Conséquences du vieillissement sur la pharmacocinétique et la pharmacodynamie

Contexte épidémiologique : personnes âgées et réhospitalisations

Les personnes âgées

Les personnes âgées sont définies comme des personnes de plus de 75 ans ou polypathologiques et de plus de 65 ans (1). A l’échelle de la France, les projections démographiques de l’INSEE prévoient qu’en 2050, 22,4 millions d’habitants seront âgés de plus de 60 ans, soit 85 % de plus qu’en 2000 .

Le vieillissement de la population est un phénomène mondial, en partie lié à l’amélioration des systèmes de soins et des contextes socio-économiques (4). En France, ce vieillissement s’explique également par l’arrivée à ces âges des générations issues du baby-boom – nées entre 1946 et 1975 -, par un allongement de la durée de vie – estimation de l’espérance de vie à la naissance de 89 ans pour les femmes en 2050 – et par le maintien d’un solde migratoire positif (2). Les personnes âgées sont des personnes fragiles, chez lesquelles la présence concomitante de plusieurs pathologies est fréquente : une revue systématique récente a évalué que 95,1 % des patients de 65 ans et plus étaient polypathologiques, c’est-à-dire atteints simultanément d’au moins deux maladies chroniques (5–7). La fragilité et la polypathologie exposent les patients âgés à une polymédication, définie par la prise régulière journalière d’au moins cinq médicaments. La polymédication augmente le risque d’interactions médicamenteuses et de survenue d’iatrogénie médicamenteuse (8). Ainsi, il a été montré dans un service d’urgences que le risque d’interaction est de 38 % lorsque l’on associe 4 médicaments et augmente jusqu’à 87 % avec 7 médicaments ou plus (9). Garcia-Caballos et al. (3) ont réalisé une revue systématique en 2010, afin d’identifier les drug-related problems (DRP ou problèmes liés aux médicaments) et de déterminer leur fréquence chez la personne âgée. Ils ont identifié 20 études, publiées entre janvier 1998 et décembre 2009, décrivant des DRP et les interventions proposées pour les prendre en charge. Les résultats montrent que l’incidence des DRP varie de 18,4 % (sur-observance médicamenteuse dans les deux semaines suivant la sortie d’hospitalisation) à 37,5 % (modification non appropriée du traitement médicamenteux dans le mois suivant la sortie d’hospitalisation).

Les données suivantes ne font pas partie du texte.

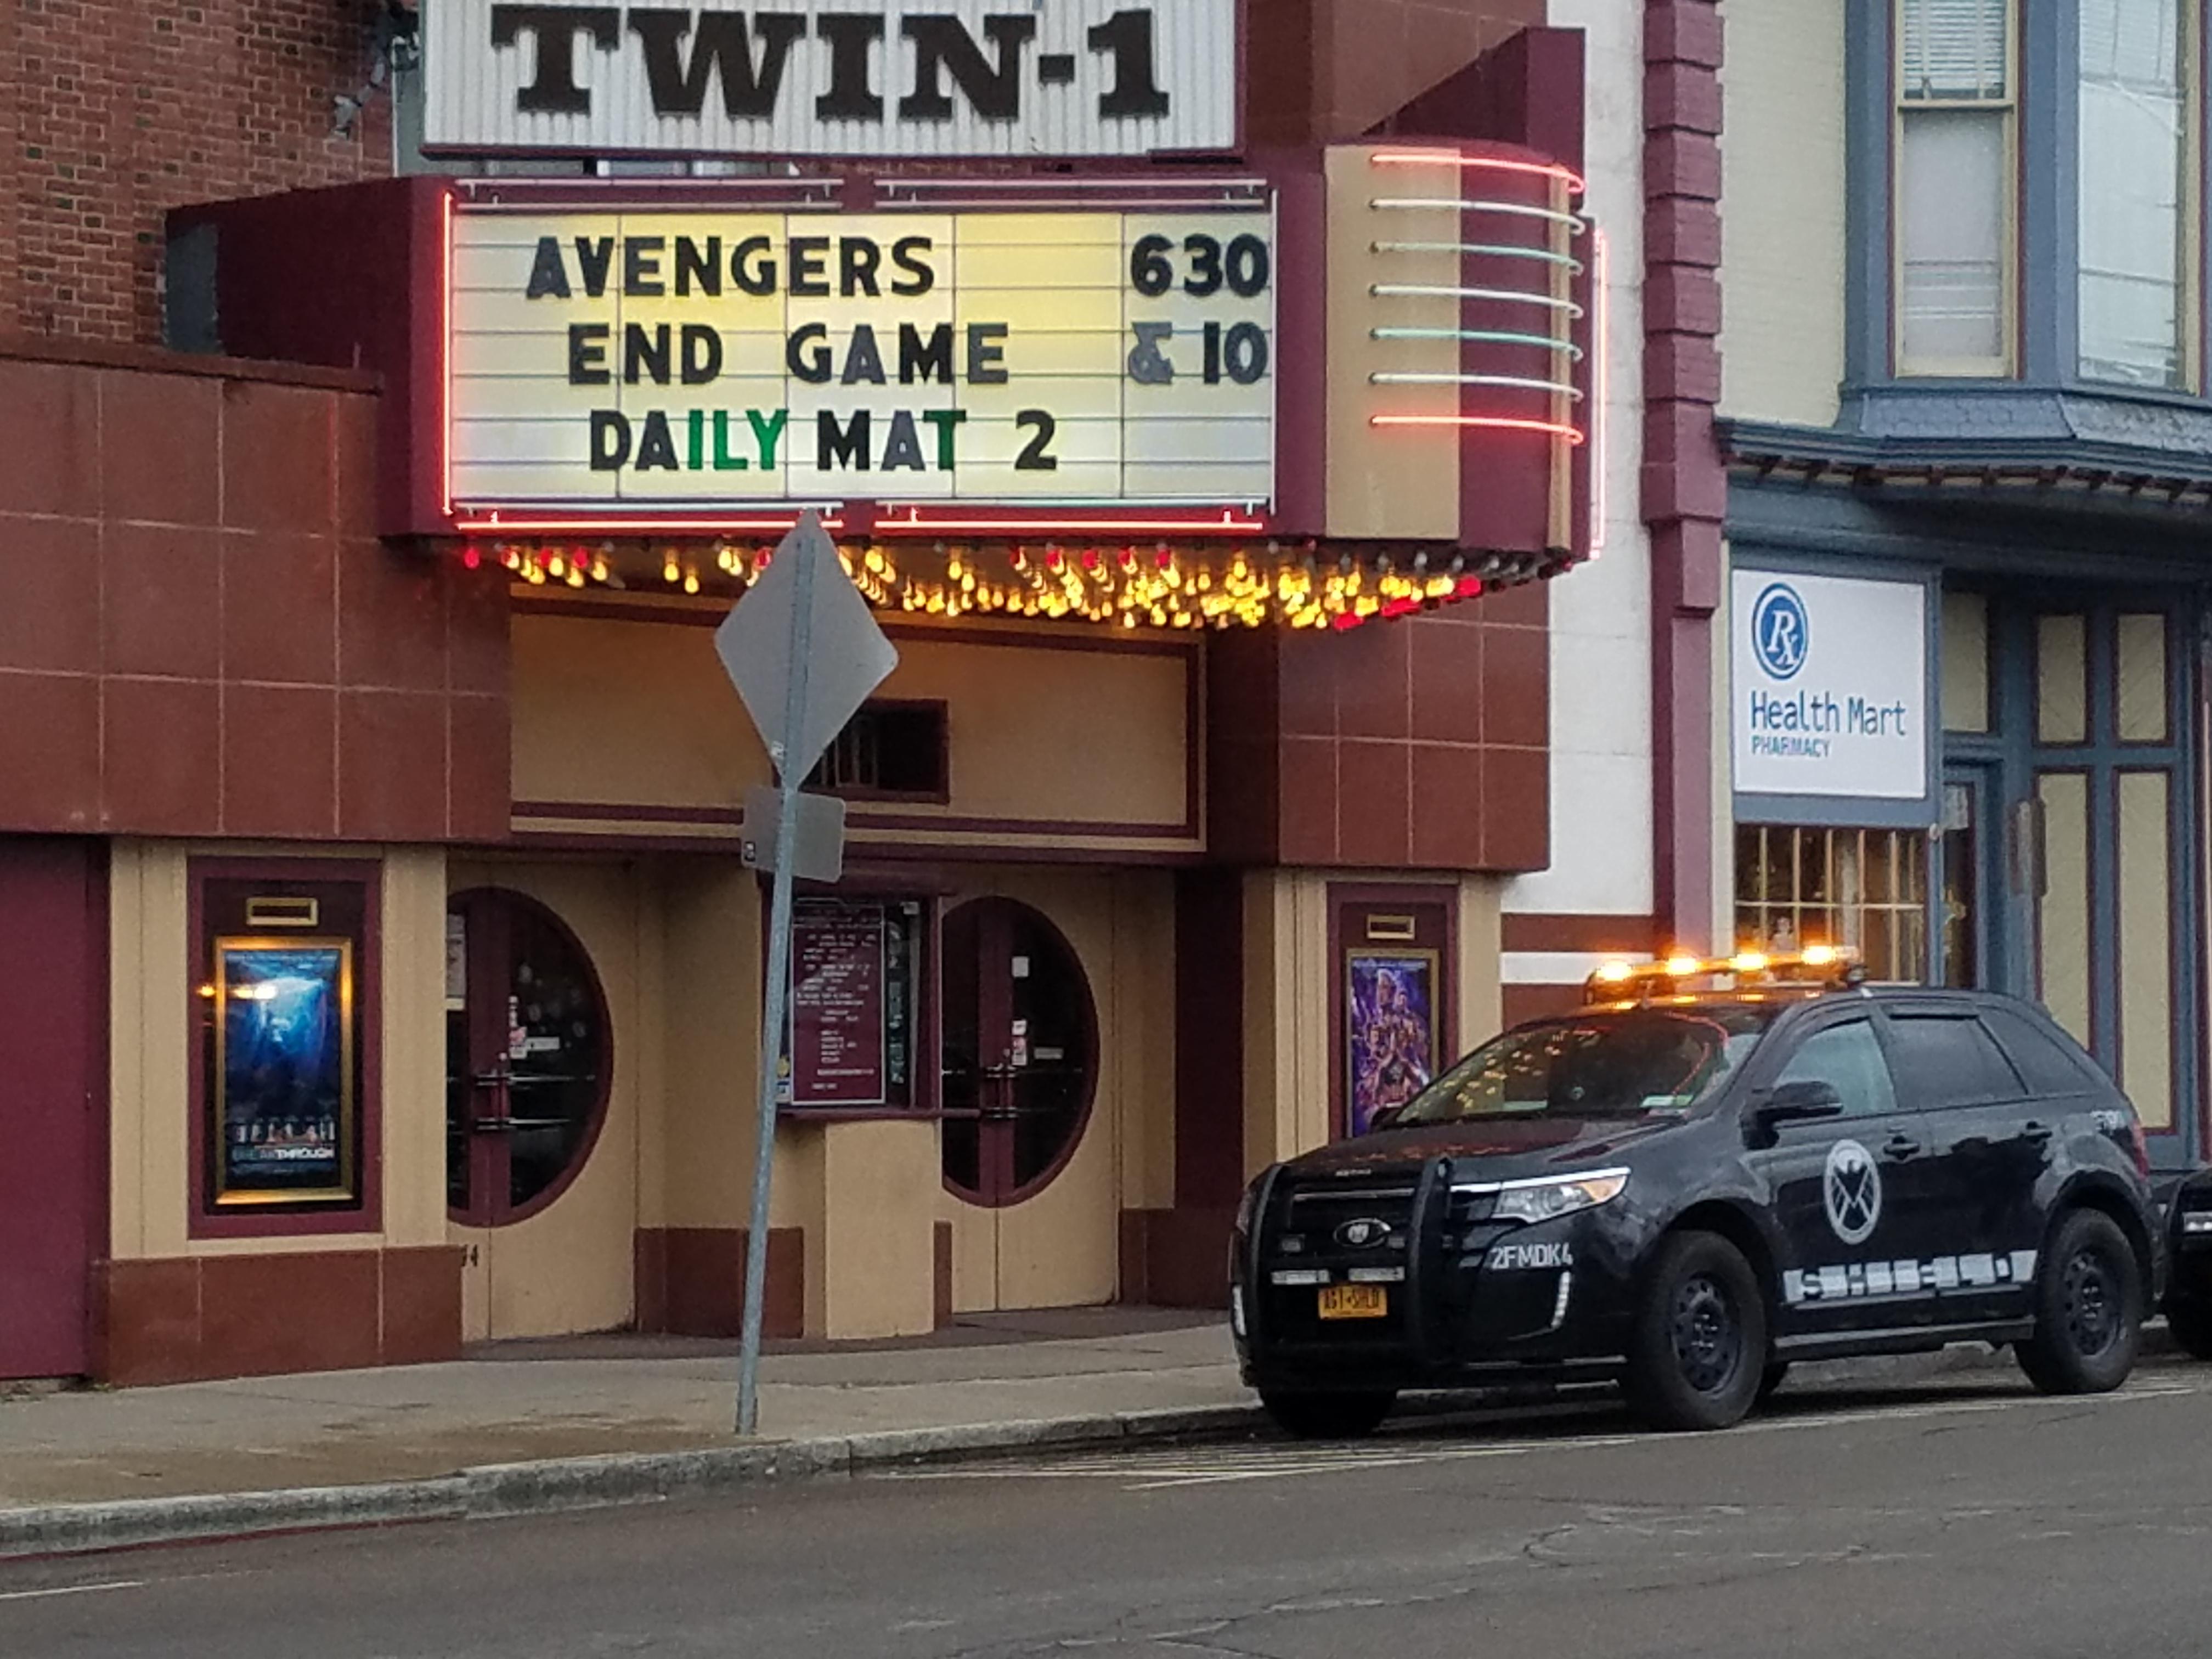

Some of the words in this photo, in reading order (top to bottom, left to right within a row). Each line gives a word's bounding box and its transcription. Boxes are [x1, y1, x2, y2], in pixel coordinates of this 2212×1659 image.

[490, 5, 1170, 123] TWIN-1
[526, 235, 935, 300] AVENGERS
[1130, 233, 1268, 297] 630
[567, 321, 724, 385] END
[786, 321, 1009, 386] GAME
[1127, 322, 1173, 385] &
[1203, 320, 1268, 385] 10
[590, 409, 789, 471] DAILY
[817, 409, 967, 471] MAT
[1014, 409, 1057, 471] 2
[1751, 689, 1839, 733] Health
[1847, 696, 1907, 736] Mart
[1751, 735, 1831, 758] PHARMACY
[1489, 1242, 1574, 1269] 2FMDK4
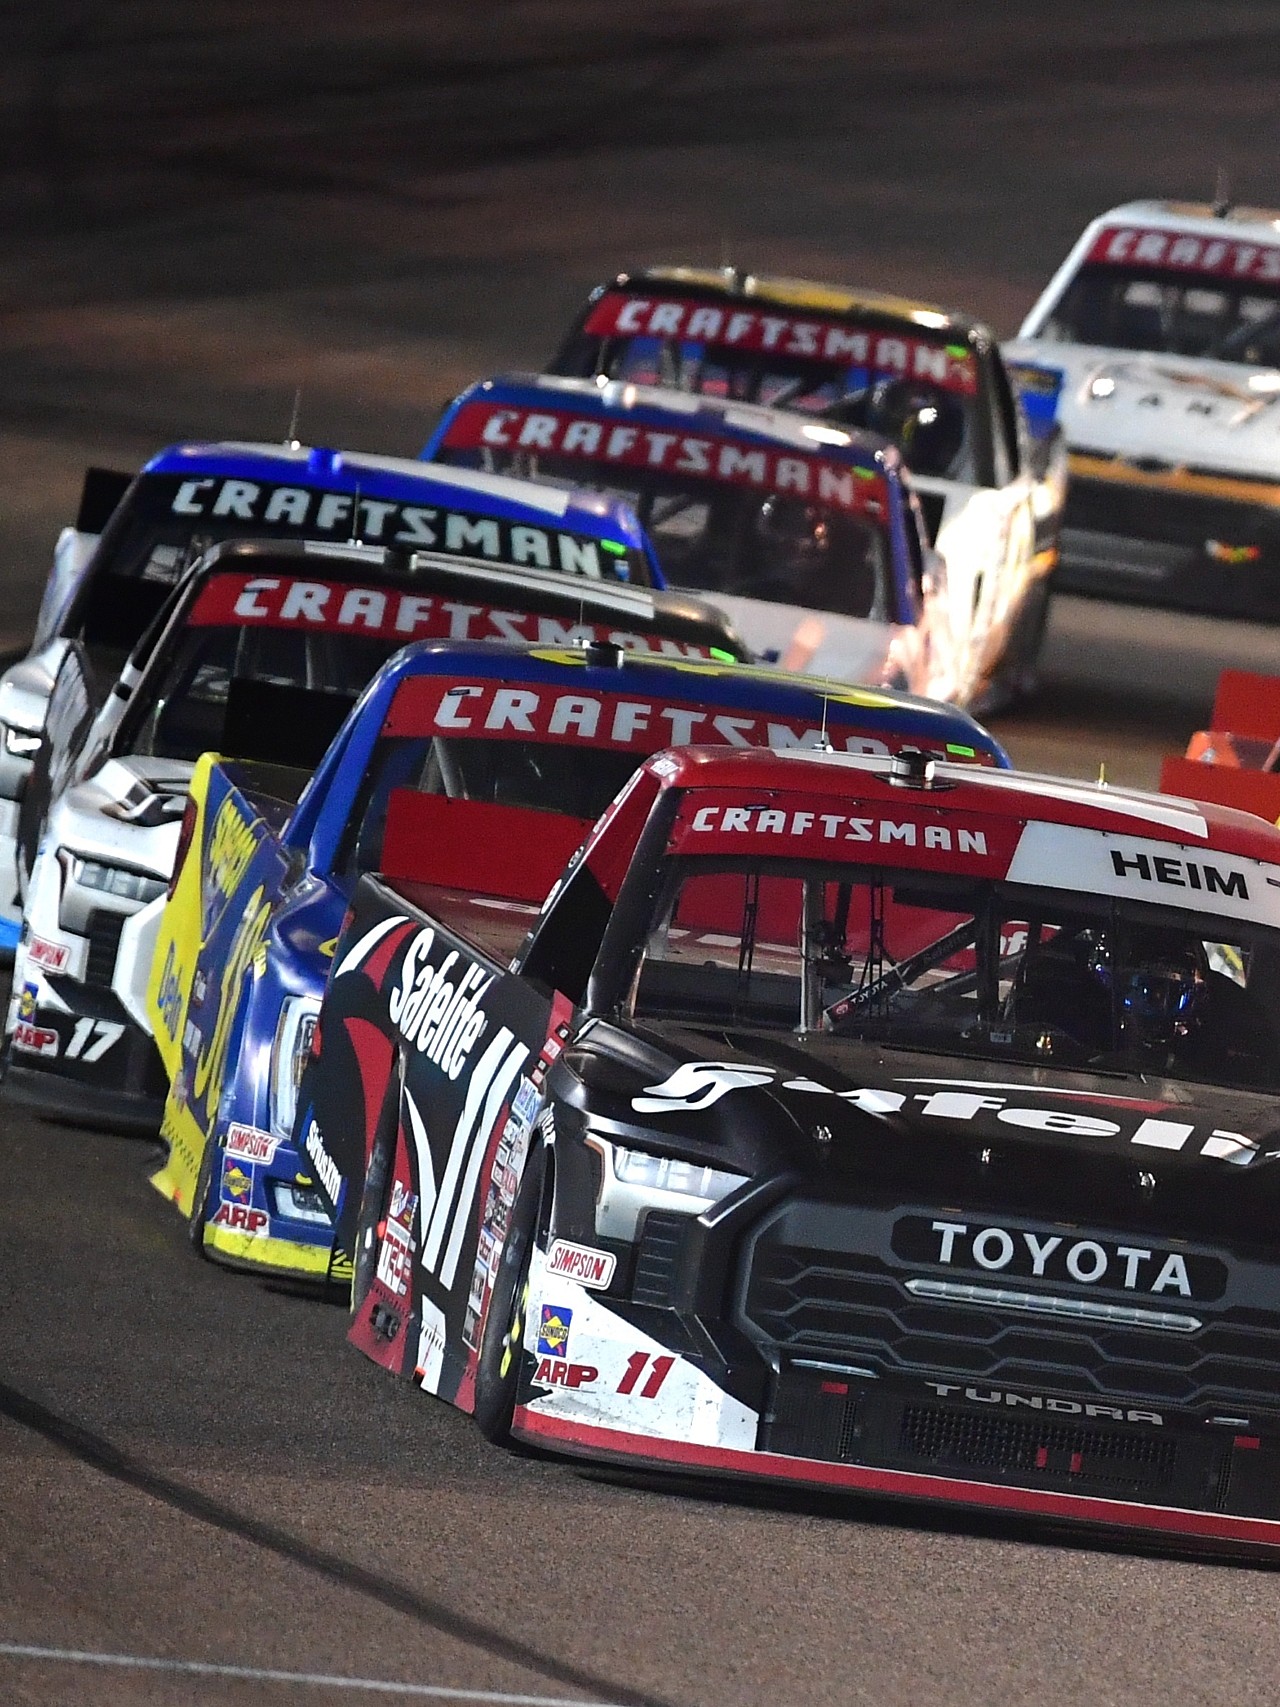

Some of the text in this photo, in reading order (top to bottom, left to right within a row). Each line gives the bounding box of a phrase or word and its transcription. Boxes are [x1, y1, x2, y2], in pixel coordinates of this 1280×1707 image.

[616, 300, 947, 379] CRAFTSMAN
[483, 410, 855, 506] CRAFTSMAN
[172, 479, 600, 579] CRAFTSMAN
[433, 686, 946, 759] CRAFTSM
[690, 807, 1251, 901] CRAFTSMAN HEIM
[389, 927, 496, 1081] Safelite
[64, 1016, 126, 1063] 17
[213, 1203, 268, 1232] ARP
[550, 1246, 607, 1282] SIMPSON
[931, 1220, 1192, 1297] TOYOTA
[541, 1323, 568, 1342] SUNOCO
[534, 1358, 599, 1388] ARP
[615, 1350, 676, 1399] 11
[924, 1380, 1164, 1426] TUNDRA
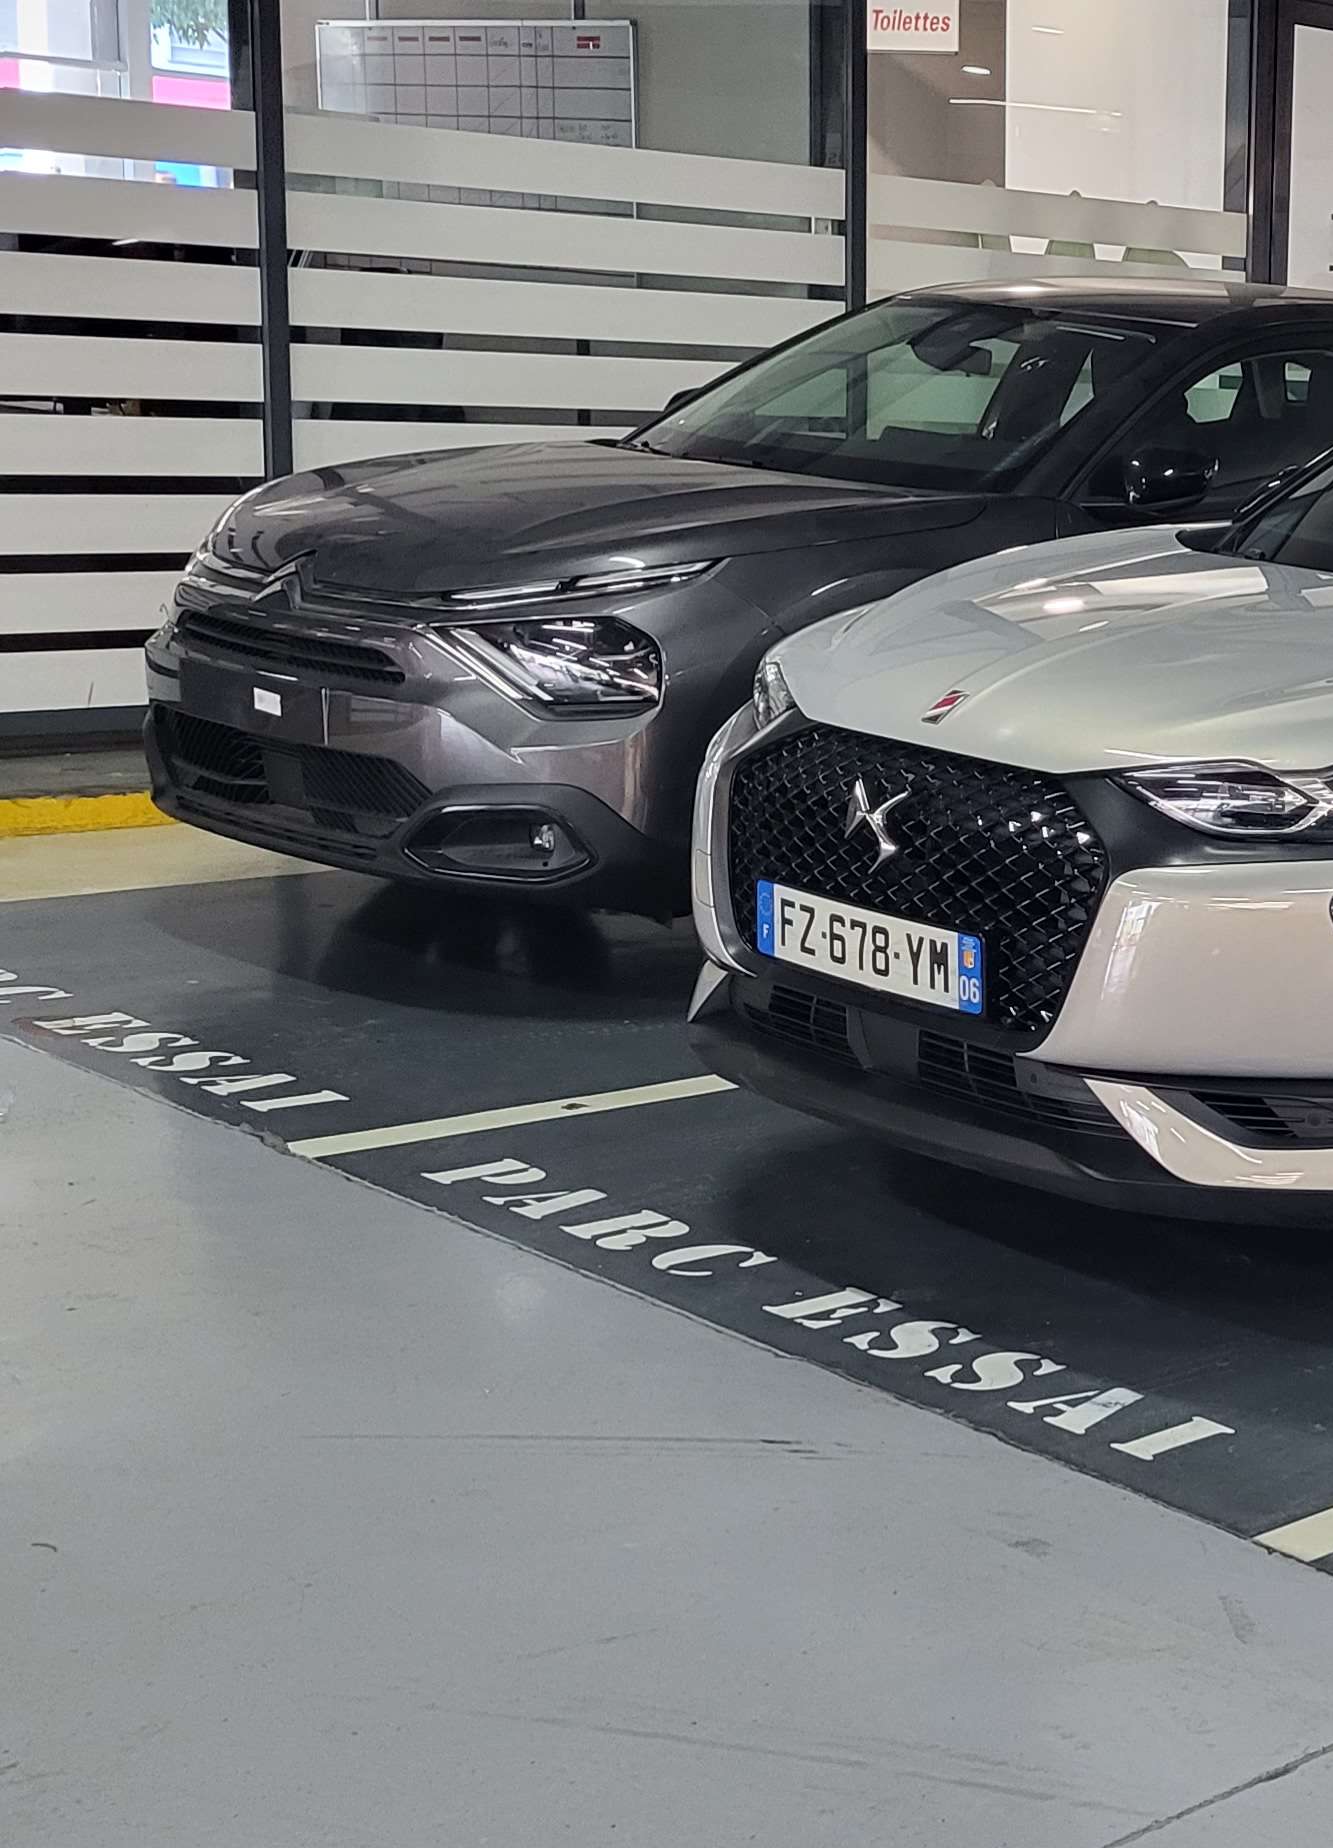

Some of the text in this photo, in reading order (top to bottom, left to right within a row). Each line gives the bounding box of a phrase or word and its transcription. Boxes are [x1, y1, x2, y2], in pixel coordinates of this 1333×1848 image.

[872, 8, 951, 32] Toilettes
[762, 923, 770, 939] F
[779, 897, 950, 994] FZ-678-YM
[959, 975, 980, 1003] 06
[32, 1011, 351, 1113] ESSAI
[420, 1158, 1236, 1462] PARC ESSAI

Ces DRP peuvent avoir des conséquences délétères chez les personnes âgées, notamment des réhospitalisations qui peuvent à leur tour entraîner une augmentation de la dépendance et du déclin physique, fonctionnel ou psychosocial (10).

Les réhospitalisations

Les réhospitalisations précoces évitables (RPE) répondent aux critères suivants : hospitalisations non programmées, en lien avec le séjour précédent et survenant dans les 30 jours suivant la sortie d’hospitalisation (11). De par leur fragilité et leur polymédication, les personnes âgées sont particulièrement à risque de RPE : entre 5 et 35 % des patients hospitalisés âgés de 75 ans et plus seront réhospitalisés dans les 30 jours suivant leur sortie d’hospitalisation (12). D’après la revue systématique de Van Walraven et al., 23,1 % de ces réhospitalisations sont jugées évitables (13). Ainsi, la loi n°2004-806 du 9 août 2004 de Santé Publique intégrait comme objectif majeur la réduction du risque de réhospitalisation des personnes âgées (14). Au niveau hospitalier, la réduction du risque de réhospitalisation passe par la mise en place d’interventions visant à assurer la continuité des soins en coordonnant la transition hôpitalville des patients âgés. La Haute Autorité de Santé (HAS) préconise d’assurer cette continuité des soins par (11) :
– le repérage dès l’admission des patients à haut risque de réhospitalisation,
– la préparation de leur sortie en lien avec leur médecin traitant,
– la mise à disposition des documents de sortie le jour même de la sortie,
– la coordination d’appui dans le suivi post-sortie avec l’équipe de soins primaires.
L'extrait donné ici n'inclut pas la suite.